また特定の人達(そして割と多く存在する)が、著しくこの能力が低いということだ。
そしてこのスキルを社会全体で向上させることが、
正しい意思決定や
正しいリソースの投下に非常に重要であるということも、また明確になったと思う。
本書は、2019年6月から著者が日経ビジネス電子版で連載している原稿の中から20本を激選し、一冊にまとめた作品だ。
日経ビジネス電子版での連載タイトルもほぼ同じく「データから"事実"を読み解くスキル」。
つまり新型コロナウイルスの蔓延以前から、数値を読むということに対して注意喚起を促していたことになる。

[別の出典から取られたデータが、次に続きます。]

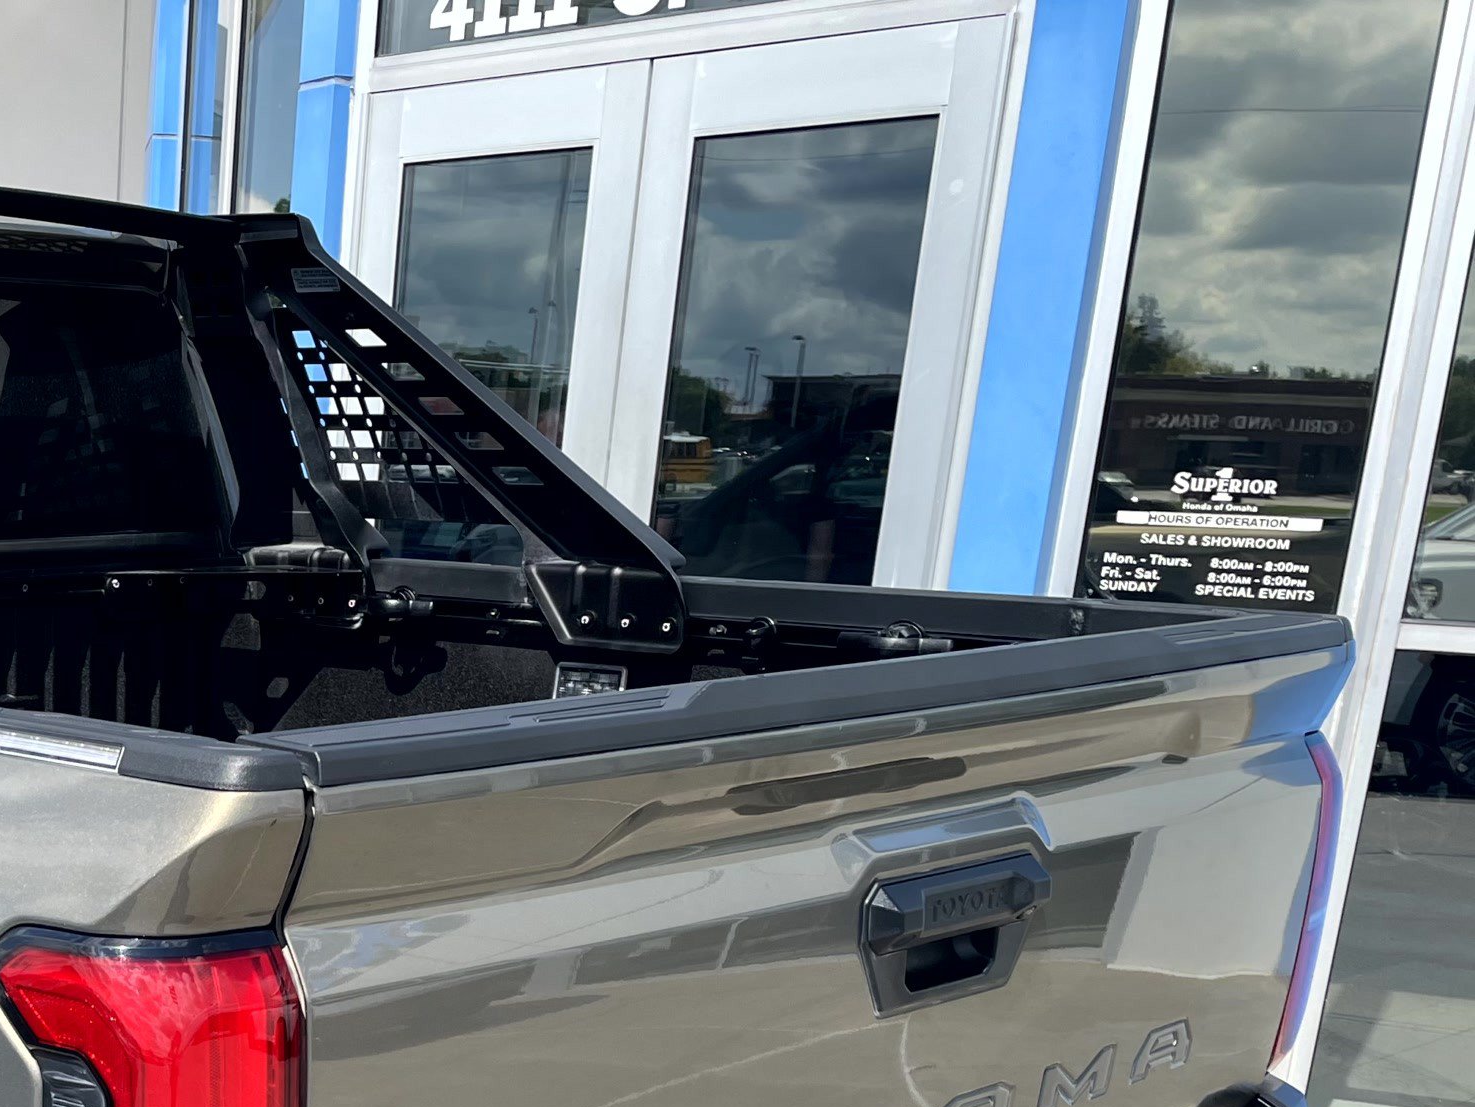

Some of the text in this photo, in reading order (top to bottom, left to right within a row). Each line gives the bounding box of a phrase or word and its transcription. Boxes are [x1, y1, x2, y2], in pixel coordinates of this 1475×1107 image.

[1182, 502, 1258, 512] Honda of Omaha
[1148, 514, 1289, 528] HOURS OF OPERATION
[1140, 533, 1290, 550] SALES & SHOWROOM
[1103, 552, 1137, 565] Mon.
[1149, 553, 1192, 567] Thurs.
[1100, 566, 1122, 579] Fri.
[1134, 567, 1161, 580] Sat.
[1099, 579, 1315, 602] SUNDAY SPECIAL EVENTS

テレビやWEB記事を制作するメディアの報道に関する姿勢については、
コロナ禍以前から問題視されていたが、
その視聴率・PV至上主義のような方針は2020年1月以降、世の中に対するネガティブな影響が更に大きくなったと自分は感じている。
その重要な要素に、
数値を読み解くスキルが欠けている人々の存在がある。
世の中の外出自粛ムードが高まる中でテレビへの接触が多くなる中、
数を稼ぐために本質的ではない数字や、n=1の事象を誇張して報道する。
そして数値を読む、ということを重要視しない層が、その報道を鵜呑みにし、リテラシーでのレイヤーが深まる。
身内・友人・SNSでのフォロワーなど、
この1年間で起こった事象に対して
どのような意見を持ち、行動しているかが明らかになることで、
それまで持っていた認識が変わってしまうことが多くあった。
本書や、その元になった連載が多くの人に触れることで、
少しでも数値を読むということが、どういうことなのかを認識する人が増えてくれるといいなと思う。
一つ付け加えなくてはいけないことは、
この一冊を読んでも、
スキルが身につくわけでないということだ。(少なくとも自分はそう感じたし、その意味でミスリーディングなタイトルであるなとは思う)
マインドセットや興味を持つきっかけにはなりうると思うが、
これだけで数字から真実を読み解けるようにはならない。とはいえきっかとして、そしてコラムとしてとても面白い作品だった。
なにも国民全員がデータサイエンティストになる必要はない。
ただ少なくとも、ここで言っている事象はnがどのくらいで、どんな母集団の数値から取ってきているのかなど、
ソースを見た上で是非を判断する姿勢は身につけるべきだ。
数字リテラシーの向上を促す意味でも多くの方に読んでもらいたい一冊だと思った。